Dholes are more social than gray wolves, and have less of a dominance hierarchy, as seasonal scarcity of food is not a serious concern for them. In this manner, they closely resemble African wild dogs in social structure. They live in clans rather than packs, as the latter term refers to a group of animals that always hunt together. In contrast, dhole clans frequently break into small packs of three to five animals, particularly during the spring season, as this is the optimal number for catching fawns. Dominant dholes are hard to identify, as they do not engage in dominance displays as wolves do, though other clan members will show submissive behaviour toward them. Intragroup fighting is rarely observed.

Dholes are far less territorial than wolves, with pups from one clan often joining another without trouble once they mature sexually. Clans typically number 5 to 12 individuals in India, though clans of 40 have been reported. In Thailand, clans rarely exceed three individuals. Unlike other canids, there is no evidence of dholes using urine to mark their territories or travel routes. When urinating, dholes, especially males, may raise one hind leg or both to result in a handstand. Handstand urination is also seen in bush dogs (Speothos venaticus). They may defecate in conspicuous places, though a territorial function is unlikely, as faeces are mostly deposited within the clan's territory rather than the periphery. Faeces are often deposited in what appear to be communal latrines. They do not scrape the earth with their feet, as other canids do, to mark their territories.

Denning
Four kinds of den have been described; simple earth dens with one entrance (usually remodeled striped hyena or porcupine dens); complex cavernous earth dens with more than one entrance; simple cavernous dens excavated under or between rocks; and complex cavernous dens with several other dens in the vicinity, some of which are interconnected. Dens are typically located under dense scrub or on the banks of dry rivers or creeks. The entrance to a dhole den can be almost vertical, with a sharp turn three to four feet down. The tunnel opens into an antechamber, from which extends more than one passage. Some dens may have up to six entrances leading up to  of interconnecting tunnels. These "cities" may be developed over many generations of dholes, and are shared by the clan females when raising young together. Like African wild dogs and dingoes, dholes will avoid killing prey close to their dens.

Reproduction and development

In India, the mating season occurs between mid-October and January, while captive dholes in the Moscow Zoo breed mostly in February. Unlike wolf packs, dhole clans may contain more than one breeding female. More than one female dhole may den and rear their litters together in the same den. During mating, the female assumes a crouched, cat-like position. There is no copulatory tie characteristic of other canids when the male dismounts. Instead, the pair lie on their sides facing each other in a semicircular formation. The gestation period lasts 60–63 days, with litter sizes averaging four to six pups. Their growth rate is much faster than that of wolves, being similar in rate to that of coyotes.

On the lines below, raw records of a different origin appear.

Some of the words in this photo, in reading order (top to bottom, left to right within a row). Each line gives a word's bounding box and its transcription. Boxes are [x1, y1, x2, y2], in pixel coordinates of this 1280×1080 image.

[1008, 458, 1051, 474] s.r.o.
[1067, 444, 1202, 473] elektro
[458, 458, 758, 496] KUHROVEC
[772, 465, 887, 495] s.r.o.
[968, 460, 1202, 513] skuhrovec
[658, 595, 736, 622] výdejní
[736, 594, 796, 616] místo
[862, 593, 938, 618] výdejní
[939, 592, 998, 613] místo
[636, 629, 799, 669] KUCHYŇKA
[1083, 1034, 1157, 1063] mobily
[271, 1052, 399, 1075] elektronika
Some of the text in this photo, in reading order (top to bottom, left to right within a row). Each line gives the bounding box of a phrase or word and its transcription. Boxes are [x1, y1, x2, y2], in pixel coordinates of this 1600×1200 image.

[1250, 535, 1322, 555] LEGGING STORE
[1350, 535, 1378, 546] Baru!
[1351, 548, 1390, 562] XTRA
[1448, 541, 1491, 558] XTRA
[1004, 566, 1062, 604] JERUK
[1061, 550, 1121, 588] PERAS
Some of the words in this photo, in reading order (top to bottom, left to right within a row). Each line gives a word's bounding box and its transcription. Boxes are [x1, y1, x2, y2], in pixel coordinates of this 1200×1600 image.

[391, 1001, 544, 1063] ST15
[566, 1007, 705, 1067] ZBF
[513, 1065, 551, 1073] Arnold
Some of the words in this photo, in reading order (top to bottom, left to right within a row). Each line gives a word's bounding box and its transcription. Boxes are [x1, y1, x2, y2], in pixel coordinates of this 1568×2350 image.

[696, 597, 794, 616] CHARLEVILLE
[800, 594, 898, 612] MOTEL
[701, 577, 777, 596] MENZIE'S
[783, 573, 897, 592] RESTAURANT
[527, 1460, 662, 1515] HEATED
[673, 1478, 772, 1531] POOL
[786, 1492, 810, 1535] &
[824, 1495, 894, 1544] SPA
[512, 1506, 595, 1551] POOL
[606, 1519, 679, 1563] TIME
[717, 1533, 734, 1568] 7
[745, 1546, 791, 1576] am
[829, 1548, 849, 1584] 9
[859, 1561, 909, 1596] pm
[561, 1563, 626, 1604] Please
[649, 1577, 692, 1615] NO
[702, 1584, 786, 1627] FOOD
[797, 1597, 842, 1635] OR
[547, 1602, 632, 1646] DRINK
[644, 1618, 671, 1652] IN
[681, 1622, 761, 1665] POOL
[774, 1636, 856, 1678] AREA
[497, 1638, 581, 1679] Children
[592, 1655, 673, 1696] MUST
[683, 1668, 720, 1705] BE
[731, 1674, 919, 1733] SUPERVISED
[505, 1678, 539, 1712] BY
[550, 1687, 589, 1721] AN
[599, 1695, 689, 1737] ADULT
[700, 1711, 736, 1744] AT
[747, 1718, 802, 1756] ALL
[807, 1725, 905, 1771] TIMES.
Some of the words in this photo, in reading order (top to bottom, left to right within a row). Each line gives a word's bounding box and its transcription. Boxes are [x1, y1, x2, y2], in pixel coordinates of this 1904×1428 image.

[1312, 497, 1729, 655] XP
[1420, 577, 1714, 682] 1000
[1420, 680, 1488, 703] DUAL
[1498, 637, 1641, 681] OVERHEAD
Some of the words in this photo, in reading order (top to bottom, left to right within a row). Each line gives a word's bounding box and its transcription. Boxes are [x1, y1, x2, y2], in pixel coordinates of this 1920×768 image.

The hormone metabolites of five males and three females kept in Thai zoos was studied. The breeding males showed an increased level of testosterone from October to January. The oestrogen level of captive females increases for about two weeks in January, followed by an increase of progesterone. They displayed sexual behaviours during the oestrogen peak of the females.

Pups are suckled at least 58 days. During this time, the pack feeds the mother at the den site. Dholes do not use rendezvous sites to meet their pups as wolves do, though one or more adults will stay with the pups at the den while the rest of the pack hunts. Once weaning begins, the adults of the clan will regurgitate food for the pups until they are old enough to join in hunting. They remain at the den site for 70–80 days. By the age of six months, pups accompany the adults on hunts and will assist in killing large prey such as sambar by the age of eight months. Maximum longevity in captivity is 15–16 years.

Hunting behaviour

Before embarking on a hunt, clans go through elaborate prehunt social rituals involving nuzzling, body rubbing and mounting. Dholes are primarily diurnal hunters, hunting in the early hours of the morning. They rarely hunt nocturnally, except on moonlit nights, indicating they greatly rely on sight when hunting. Although not as fast as jackals and foxes, they can chase their prey for many hours. During a pursuit, one or more dholes may take over chasing their prey, while the rest of the pack keeps up at a steadier pace behind, taking over once the other group tires. Most chases are short, lasting only . When chasing fleet-footed prey, they run at a pace of . Dholes frequently drive their prey into water bodies, where the targeted animal's movements are hindered.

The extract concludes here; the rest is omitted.